Since 2009 I have had the tradition of choosing one word to tuck into my pocket for the entire year.  A word that is calling to me.  One I want to manifest and dive into.  I never know how it is going to unfold but it usually brings me exactly what I need, even if it is not what I expected.  

As I was journaling my way through the end of the year my word emerged.  I know that NOW is the time for me to step into the work I am meant to do in the world.  I have deep creative dreams brewing and this is the year to make them happen.  

My word for 2018 is:

elevate

verb
   * to move or raise to a higher place or position; lift up
   * to raise to a higher state, rank, or office; exalt; promote
   * to raise to a higher intellectual or spiritual level
   * to raise the spirits; put in high spirits
   * to raise (the voice) in pitch or volume

I want to elevate those around me.  Be a guide in my community and help others unearth the brilliant light inside them.
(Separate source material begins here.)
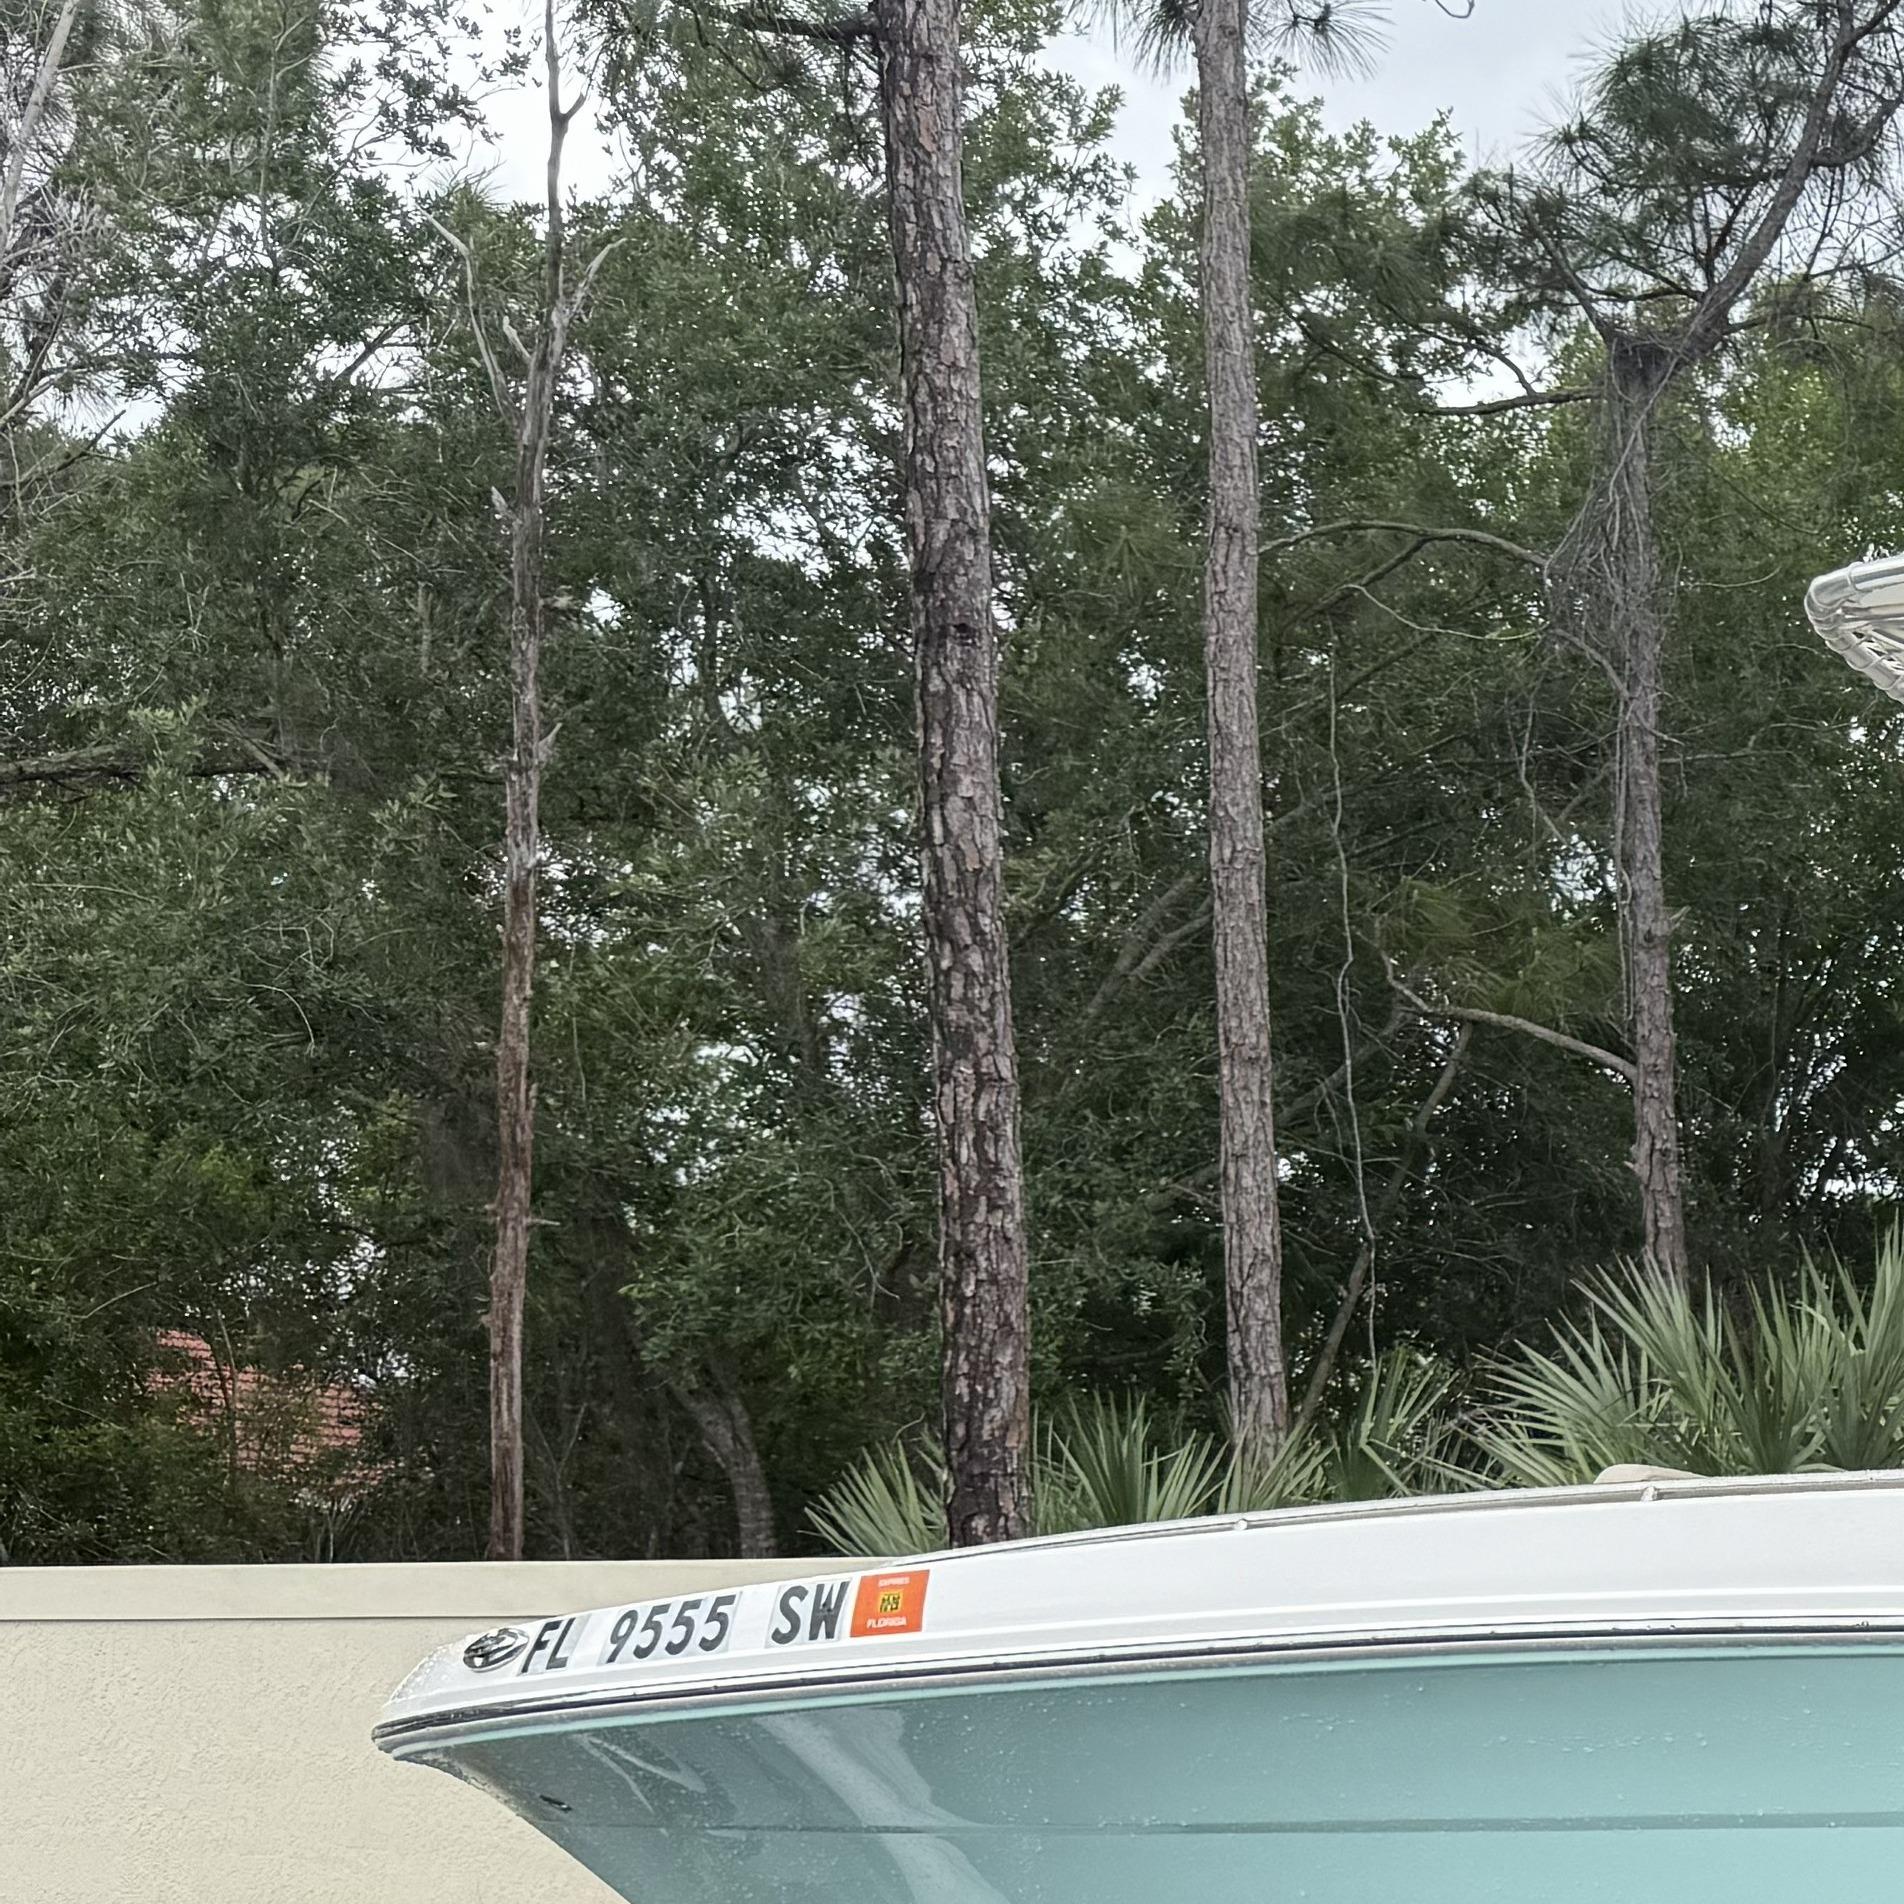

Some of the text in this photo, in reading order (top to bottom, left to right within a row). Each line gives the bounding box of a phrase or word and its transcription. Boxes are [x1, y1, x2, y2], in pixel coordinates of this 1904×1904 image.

I want to choose joy and be aware of the energy I carry with me.  Raising my own spirit and carrying kindness into every interaction.  I want to radiate my own light and not be fearful of how bright it can shine.  I also want to raise my voice and allow myself space to be heard.  

In 2011 I made a piece of art with my word and it still hangs on my wall today.  It was powerful to do it and was the year that my word manifested itself in the most brilliant and unexpected manner.  It was as if taking the time to create something I could see every day helped proclaim to the universe how serious I was about this word.  This week I am going to be working on a piece of art for elevate.  Something that will inspire me each day to live with this word in my heart.  

Do you choose a word or intention for the year?  Would love to hear what it is.  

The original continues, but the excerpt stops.